Para Luisa, la educación nunca fue un concepto abstracto. Creció viendo a su madre, Natalia, construir proyectos educativos donde la sensibilidad, la curiosidad y el respeto por la infancia eran principios innegociables. Ese modelo materno, firme, humano y visionario, se convirtió en la base de su propia filosofía profesional.
Mientras estudiaba Psicología del Desarrollo, Luisa entendió algo que marcaría su carrera: los niños aprenden mejor cuando se sienten escuchados, cuando pueden explorar, equivocarse, crear y volver a intentar. Y ese entendimiento no nació solo de la teoría, sino de años observando a su madre acompañar a los niños con paciencia, claridad y confianza.
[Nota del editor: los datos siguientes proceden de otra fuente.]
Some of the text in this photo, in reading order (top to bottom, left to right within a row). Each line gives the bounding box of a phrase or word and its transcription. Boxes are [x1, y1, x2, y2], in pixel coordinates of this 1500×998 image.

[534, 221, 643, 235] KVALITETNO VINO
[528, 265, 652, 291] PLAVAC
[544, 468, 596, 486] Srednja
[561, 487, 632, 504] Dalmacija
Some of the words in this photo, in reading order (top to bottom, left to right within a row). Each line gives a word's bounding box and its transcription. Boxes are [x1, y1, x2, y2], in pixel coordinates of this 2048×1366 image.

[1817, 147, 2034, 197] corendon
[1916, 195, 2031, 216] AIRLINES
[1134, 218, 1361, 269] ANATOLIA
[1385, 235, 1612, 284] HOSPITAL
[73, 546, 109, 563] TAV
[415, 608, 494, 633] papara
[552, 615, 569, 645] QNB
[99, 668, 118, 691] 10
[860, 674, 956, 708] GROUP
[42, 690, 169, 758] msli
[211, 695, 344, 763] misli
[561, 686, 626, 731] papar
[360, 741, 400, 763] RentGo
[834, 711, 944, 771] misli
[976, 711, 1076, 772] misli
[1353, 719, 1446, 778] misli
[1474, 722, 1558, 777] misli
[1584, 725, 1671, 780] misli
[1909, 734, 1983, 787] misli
Ese ejemplo materno se transformó en una brújula. No solo para su vida personal, sino para la escuela que hoy dirige.
Una educadora que re imagina la escuela desde la experiencia y la humanidad
Luisa Salazar es reconocida por desafiar los modelos tradicionales de enseñanza. En lugar de memorizar respuestas, sus estudiantes construyen ideas, resuelven problemas reales, diseñan proyectos, presentan, debaten, fallan con seguridad y vuelven a intentarlo. Bajo su liderazgo, Aguamarina se ha posicionado entre el 7% de las mejores escuelas privadas del país, gracias a un modelo que combina rigor académico con creatividad, ingeniería, emprendimiento y responsabilidad cívica.
Pero para Luisa, el éxito no se mide solo en resultados. Se mide en cómo los niños se comunican, cómo colaboran, cómo defienden sus ideas y cómo se relacionan con el mundo que los rodea.
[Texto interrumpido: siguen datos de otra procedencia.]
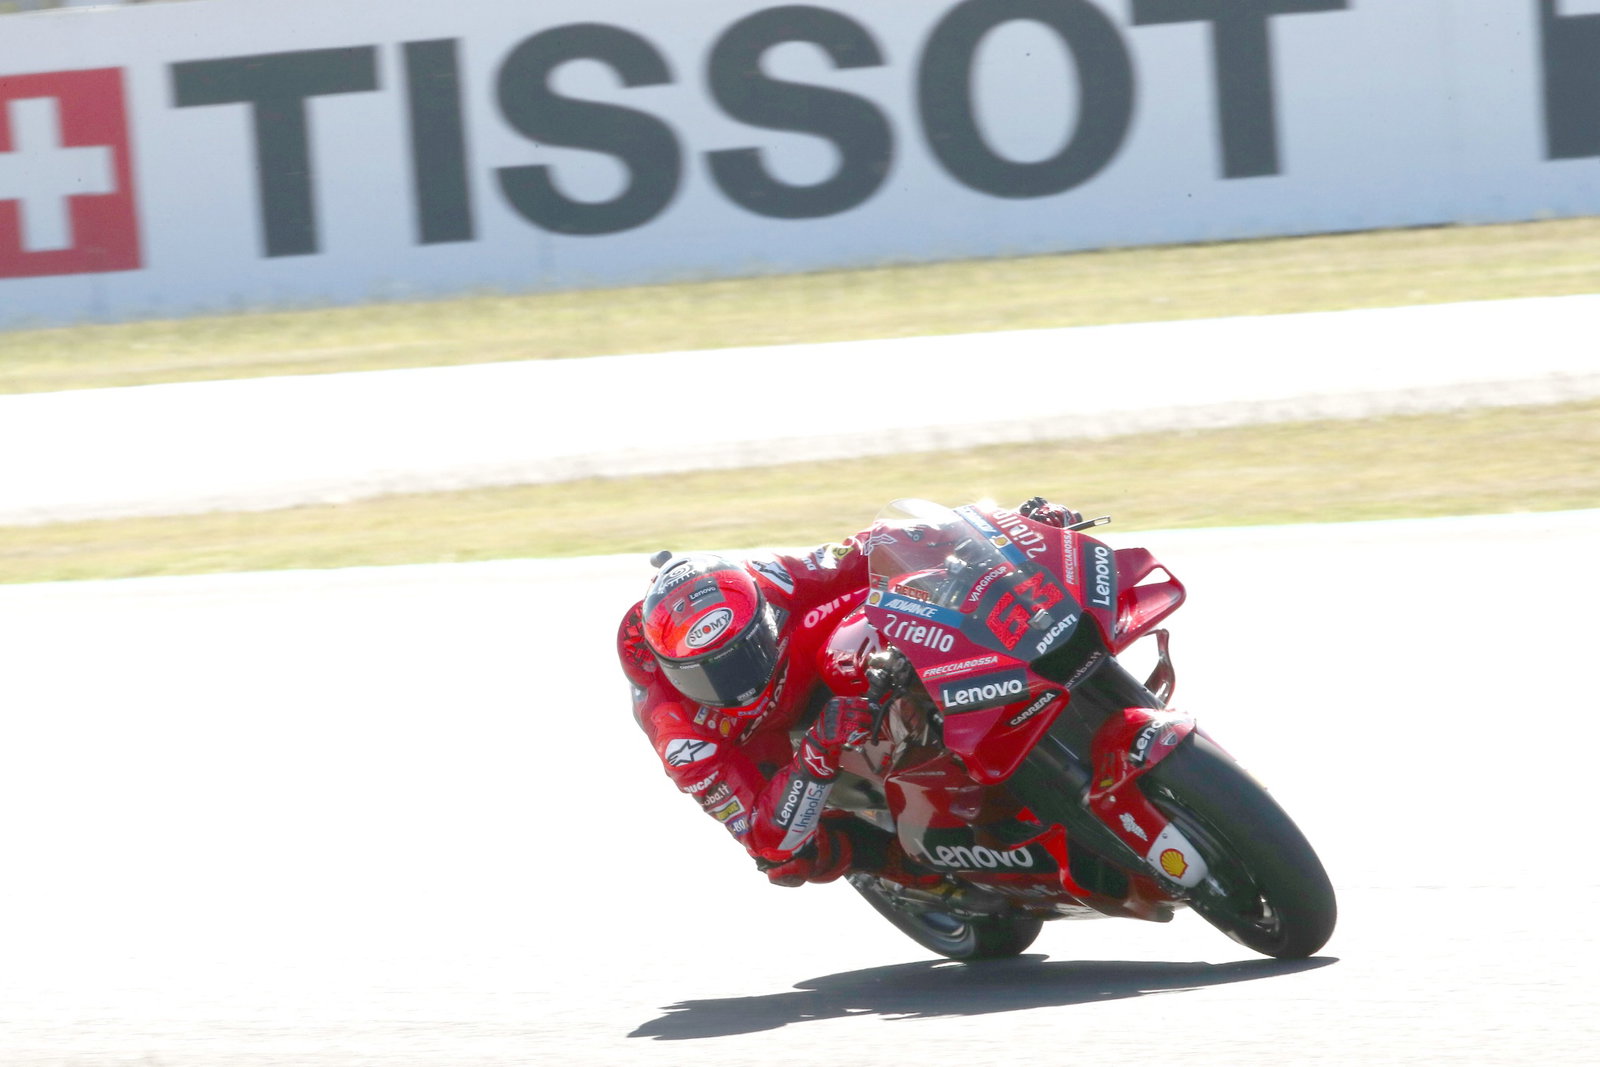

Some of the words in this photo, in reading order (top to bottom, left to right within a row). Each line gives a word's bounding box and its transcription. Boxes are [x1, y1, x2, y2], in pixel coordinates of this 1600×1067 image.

[166, 0, 1356, 259] TISSOT
[1093, 545, 1110, 606] Lenovo
[689, 585, 717, 600] Lenovo
[884, 598, 937, 618] ADVANCE
[688, 612, 731, 643] SUOMY
[985, 571, 1065, 651] 63
[1035, 613, 1077, 655] DUCATI
[922, 655, 999, 677] FRECCIAROSSA
[943, 679, 1023, 708] Lenovo
[1010, 692, 1056, 727] CARRERA
[777, 779, 804, 826] Lenovo
[915, 838, 1034, 868] Lenovo
“Cuando los niños descubren que sus ideas tienen peso, empiezan a mostrarse de otra manera en todo lo que hacen”, suele decir.
Ese enfoque —profundo, humano y exigente— es un reflejo directo de lo que vio en su madre: una educación que no solo enseña, sino que acompaña, inspira y transforma.
Una maternidad que se convierte en legado educativo
La historia de Natalia y Luisa es, en esencia, una historia de maternidad extendida: una madre que educa a su hija con propósito, y una hija que convierte ese propósito en un proyecto que impacta a cientos de familias.
En Aguamarina, ambas trabajan juntas como socias, líderes y creadoras de un modelo educativo que honra la infancia y prepara a los niños no solo para el futuro, sino para el presente. Su visión compartida demuestra que la maternidad también puede ser un acto de liderazgo social: un ejemplo que se multiplica y se convierte en cultura escolar.
Un mensaje para el Día de la Madre
En un mundo donde la educación enfrenta desafíos constantes, la historia de Luisa y Natalia Montano recuerda algo esencial: el ejemplo de una madre puede ser la primera y más poderosa forma de educación.
Un ejemplo que no se impone, sino que inspira.
Que no dicta, sino que acompaña.
Que no limita, sino que abre caminos.
Este Día de la Madre, Aguamarina Schools celebra no solo a las madres que cuidan, sino a las que enseñan con su forma de vivir. A las que, como Natalia, siembran valores que florecen en sus hijos. Y a las que, como Luisa, convierten ese legado en un proyecto que transforma a toda una comunidad.